- [Brief]
Should an entry contain an image, leave the image out and repeat the entry's text exactly.

Phrase grounding data
━━━━━━━━━━━━━━━━━━━━
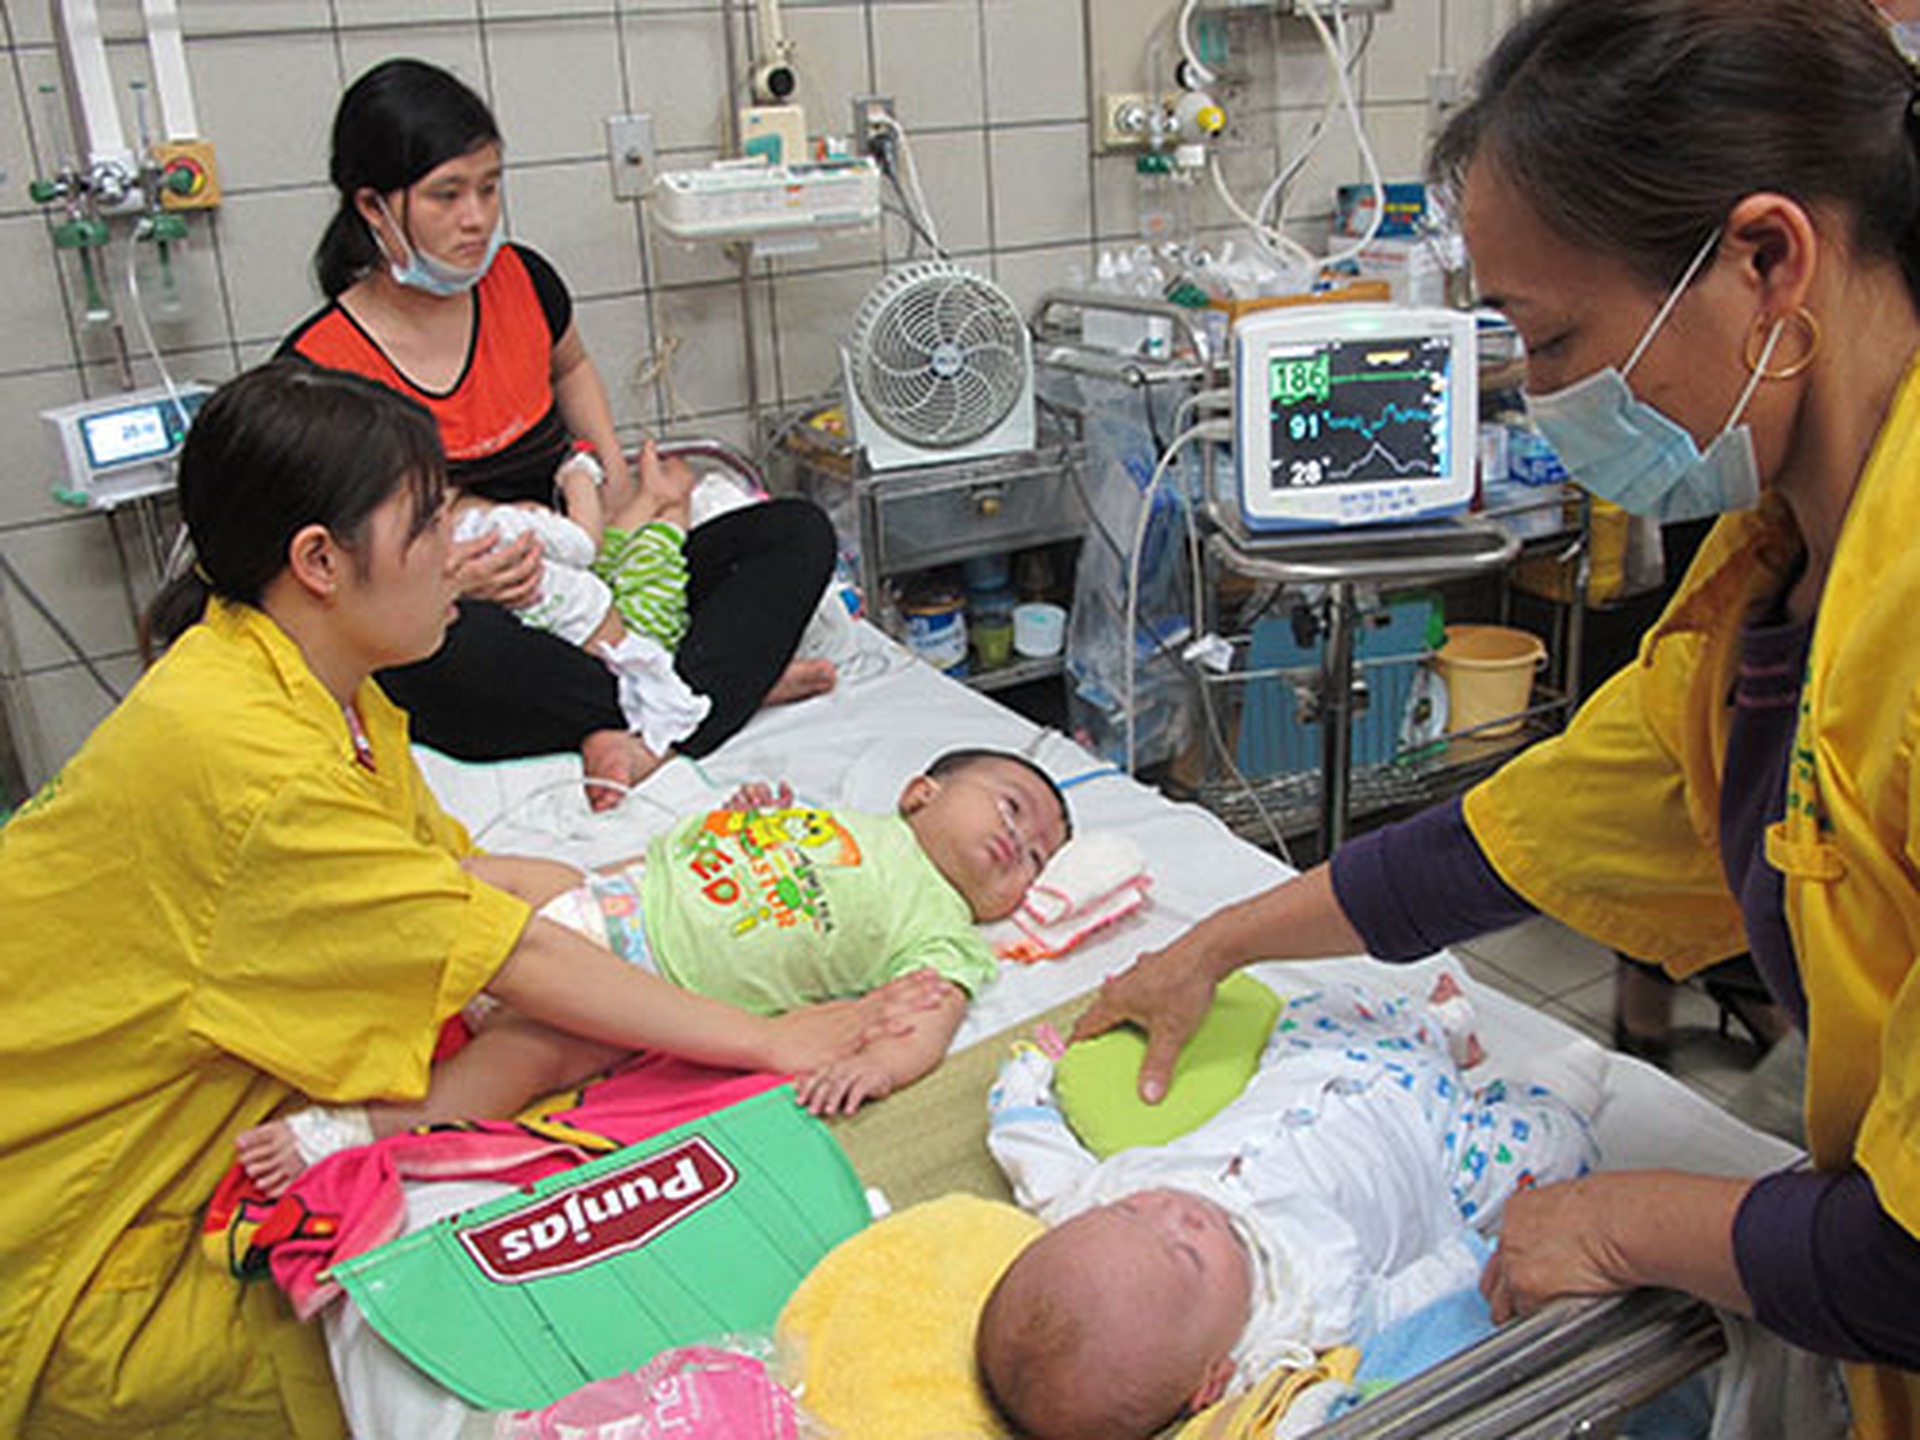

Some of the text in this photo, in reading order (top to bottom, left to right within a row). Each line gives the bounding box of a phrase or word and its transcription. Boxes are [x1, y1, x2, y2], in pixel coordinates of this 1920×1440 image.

[1275, 366, 1327, 394] 186
[1289, 413, 1320, 440] 91
[1290, 460, 1323, 486] 28
[500, 1157, 704, 1261] Punjas
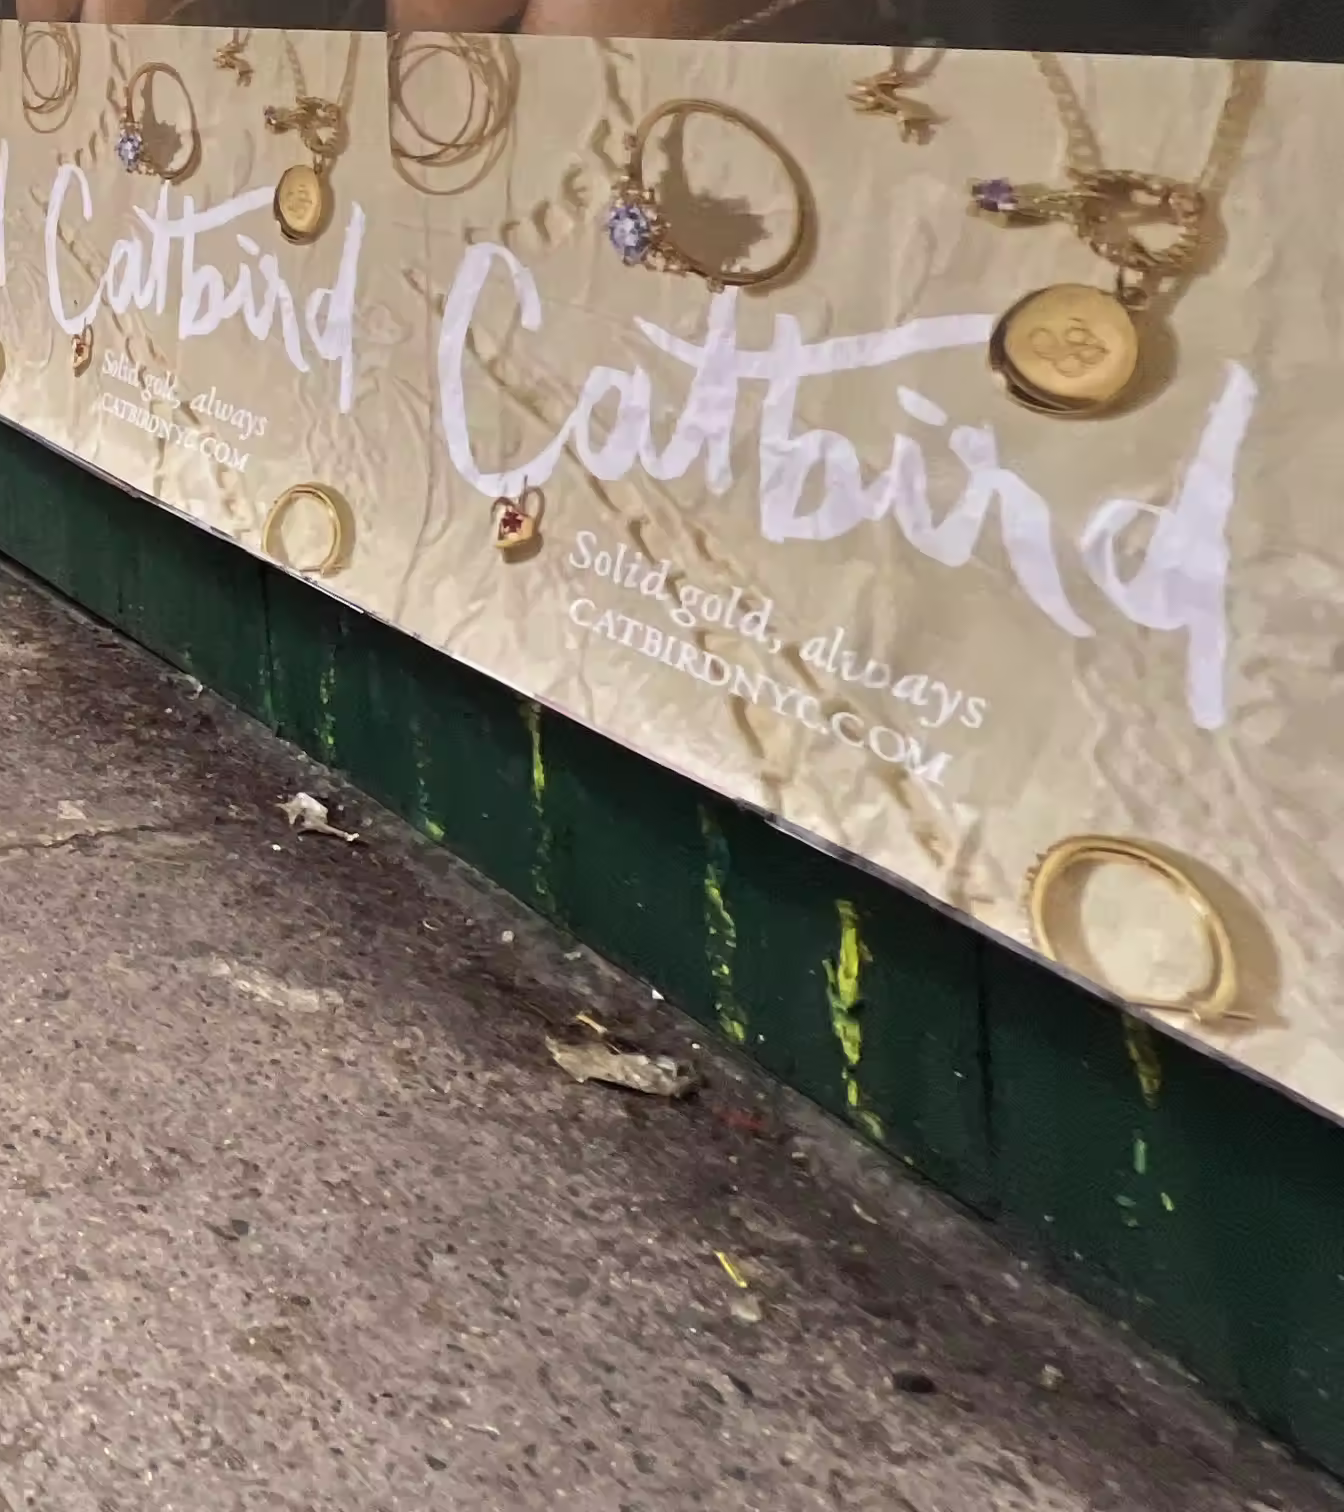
━━━━━━━━━━━━━━━━━━━━
- [Answer area]
Some of the text in this photo, in reading order (top to bottom, left to right within a row). Each line gives the bounding box of a phrase or word and its transcription. Boxes are [x1, y1, x2, y2], in pixel coordinates of this 1920×1440 image.

[1275, 366, 1327, 394] 186
[1289, 413, 1320, 440] 91
[1290, 460, 1323, 486] 28
[500, 1157, 704, 1261] Punjas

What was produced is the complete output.